Змеиной страсти злое жало
В душе уснуло глубоко.
Теперь я почти поручусь, что это когда-то, стоящее рядом, навсегда остановилось в воспоминании только, и я бессилен понять такую близкую минуту. Тем более, мне издали поется это каждый день теперь. И рядом с этим, например, Врубель, который меня затягивает и пугает реально, особенно когда вспомнишь, что с ним теперь.

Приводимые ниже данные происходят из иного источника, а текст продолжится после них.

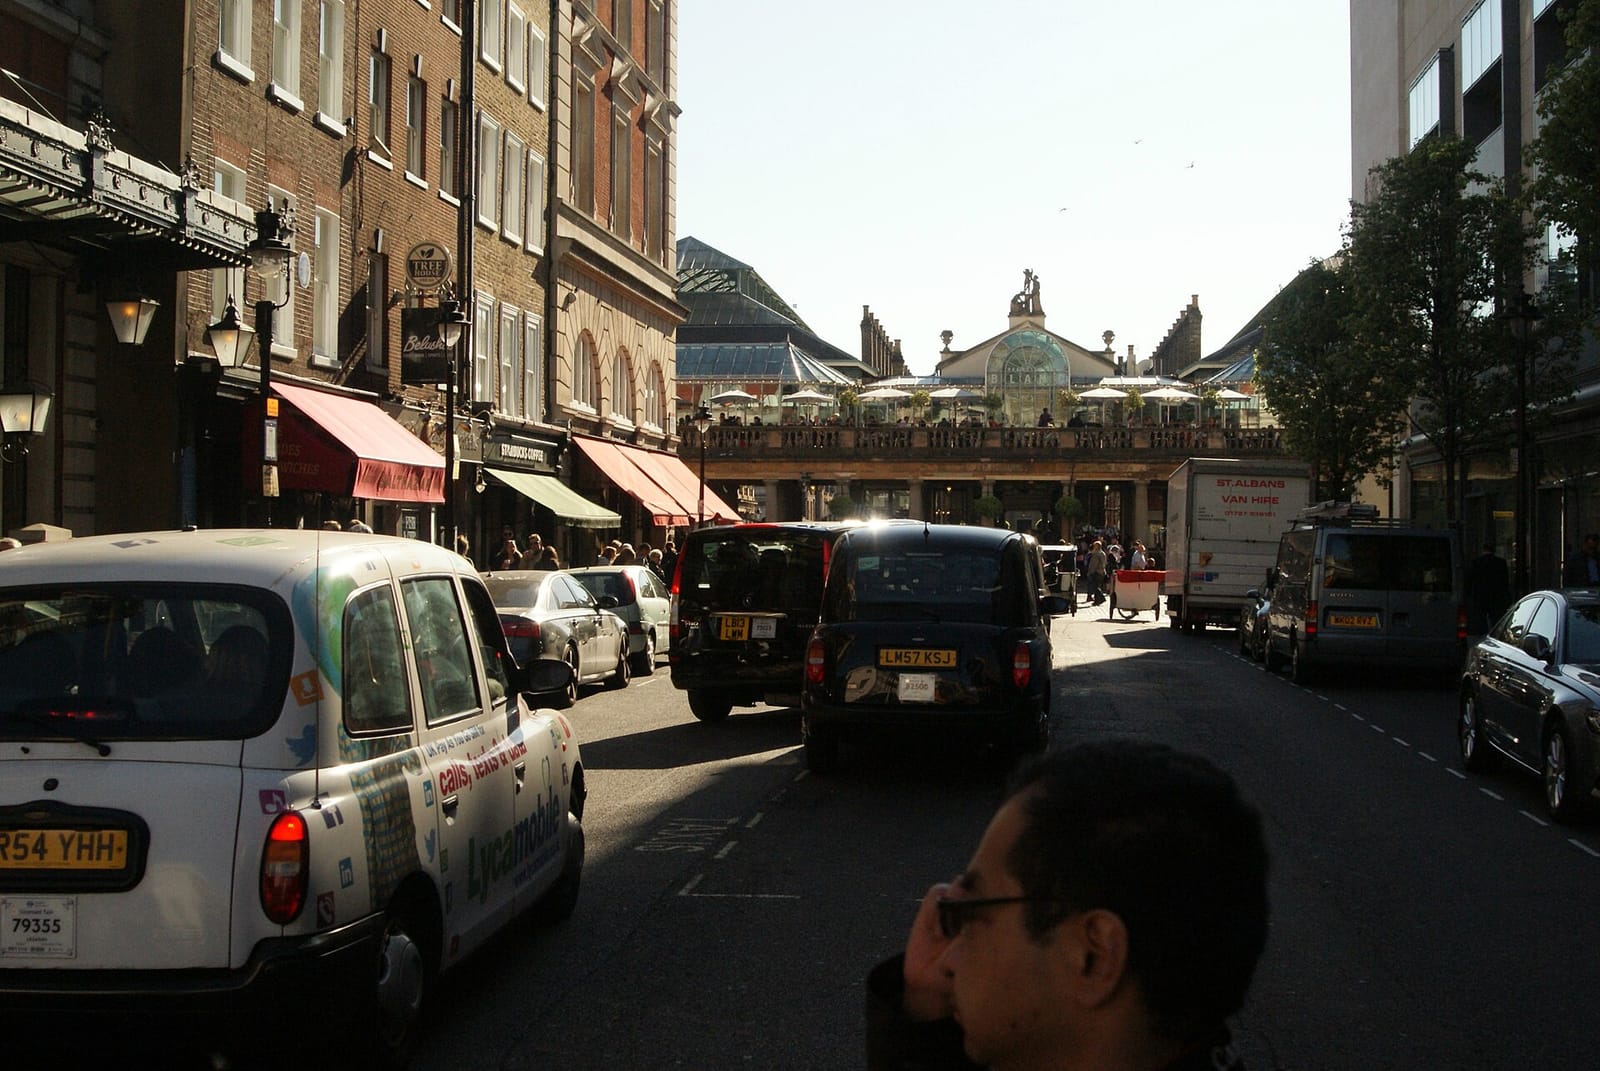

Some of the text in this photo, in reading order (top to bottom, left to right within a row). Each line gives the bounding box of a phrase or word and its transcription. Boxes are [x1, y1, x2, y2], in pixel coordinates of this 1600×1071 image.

Еще одна разгадка твоих стихов: они требуют отдельного «настроения». Кроме того, часто требуют твоего голоса. Они не гибки или, выражаясь чисто современным декадентским языком, не изысканны. То же самое в стихах Владимира Соловьева: они требуют любви, а не любовь – их. Когда им отдашь любовь, они заполнят годы жизни и ответят во сто раз больше, чем в них сказано. Может быть, заполнят и целую жизнь. Твои стихи (хотя далеко не все) тоже необходимо полюбить через кого-нибудь: иногда – через твой голос, через однозвучность и скандированье, а иногда через собственную мысль или собственный образ, перехваченный по дороге. Тогда «Королевна» говорит во сто раз больше, чем сказано словами. Также – «Мы шли в последней темноте» и «Золотой качался колос». Эти три – самые любимые мной из последних. «Дымка прозрачного пара» еще под сомнением, там ужасно портит чередование настоящего и прошедшего времени (даже perfectum и imperfectum), – и еще кое-что, что я тебе говорил, особенно – «Брат положил в тихой ласке».